=== Input for this task ===
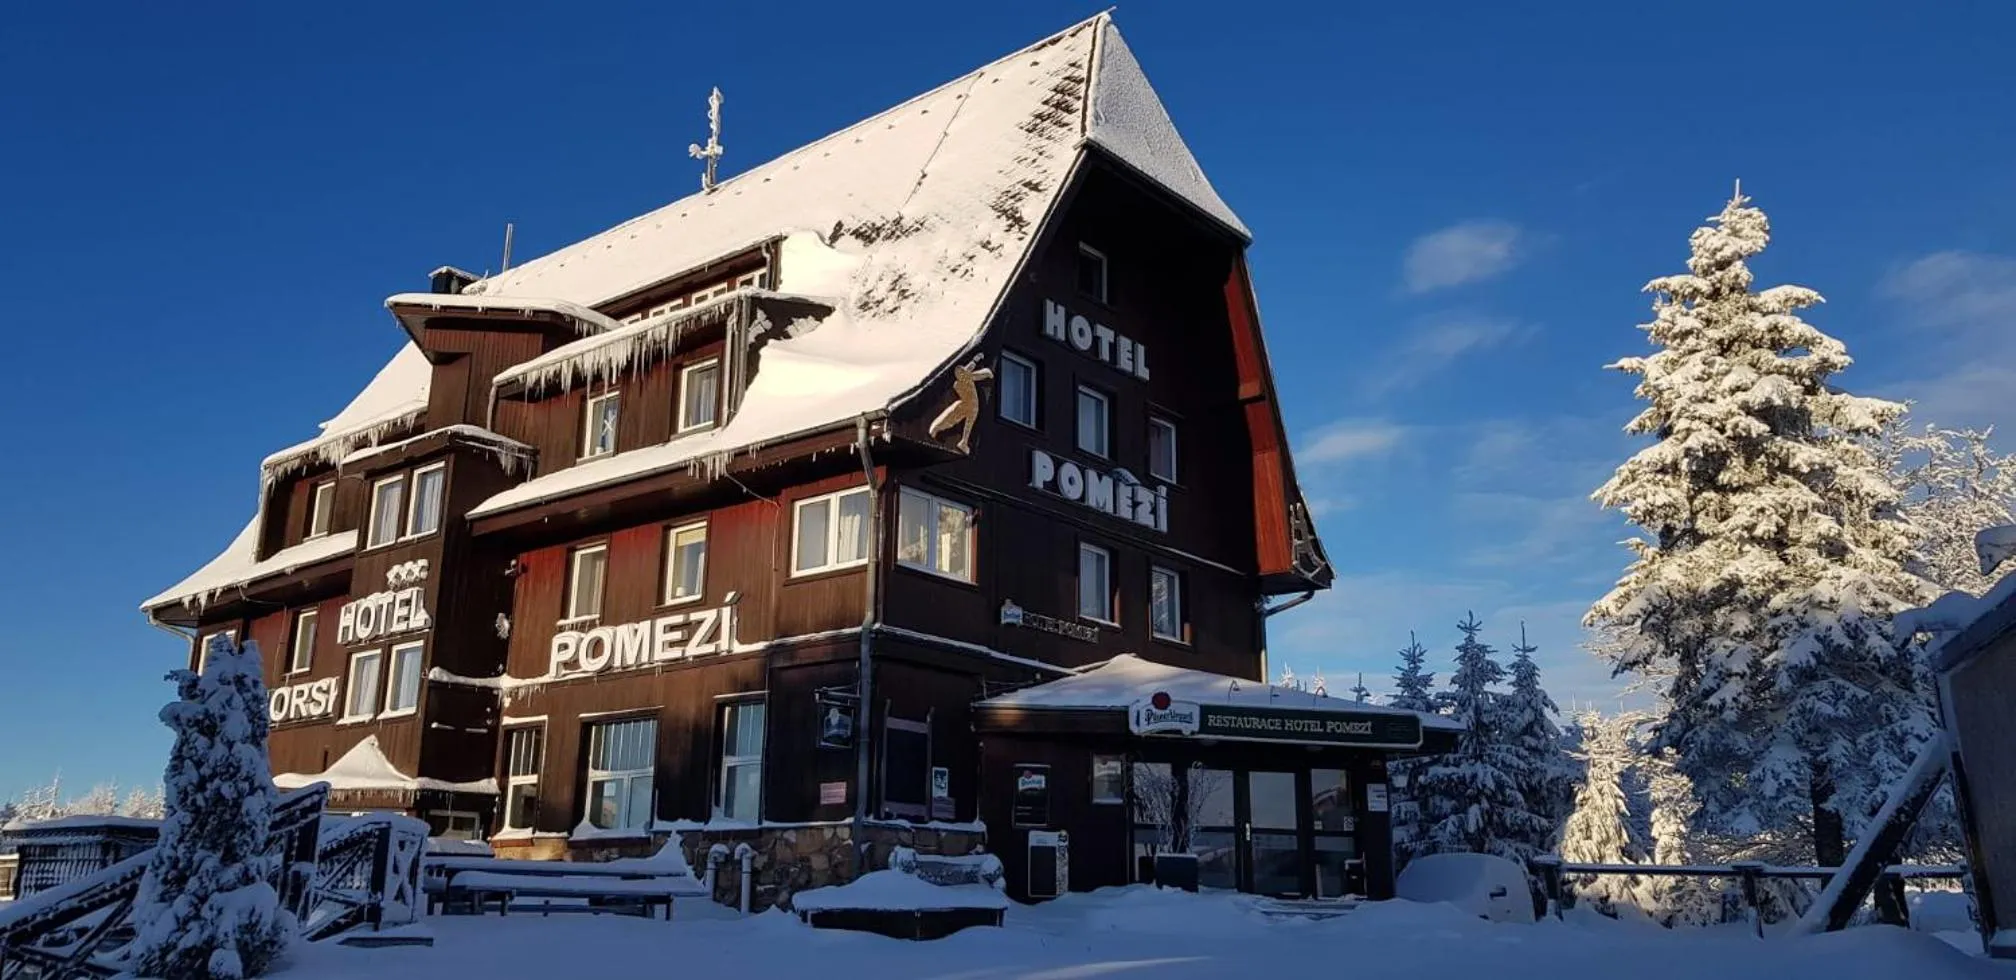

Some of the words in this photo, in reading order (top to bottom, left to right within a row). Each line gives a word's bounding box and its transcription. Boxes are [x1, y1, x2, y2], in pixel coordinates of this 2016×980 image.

[1043, 299, 1150, 381] HOTEL
[337, 587, 428, 643] HOTEL
[550, 591, 741, 677] POMEZÍ
[1208, 714, 1282, 731] RESTAURACE
[1284, 718, 1324, 733] HOTEL
[1326, 720, 1373, 735] POMEZÍ

=== Your objective ===
Pictures stay out; everything else in the listing above gets restated word for word.

=== Solution for this task ===
Some of the words in this photo, in reading order (top to bottom, left to right within a row). Each line gives a word's bounding box and its transcription. Boxes are [x1, y1, x2, y2], in pixel coordinates of this 2016×980 image.

[1043, 299, 1150, 381] HOTEL
[337, 587, 428, 643] HOTEL
[550, 591, 741, 677] POMEZÍ
[1208, 714, 1282, 731] RESTAURACE
[1284, 718, 1324, 733] HOTEL
[1326, 720, 1373, 735] POMEZÍ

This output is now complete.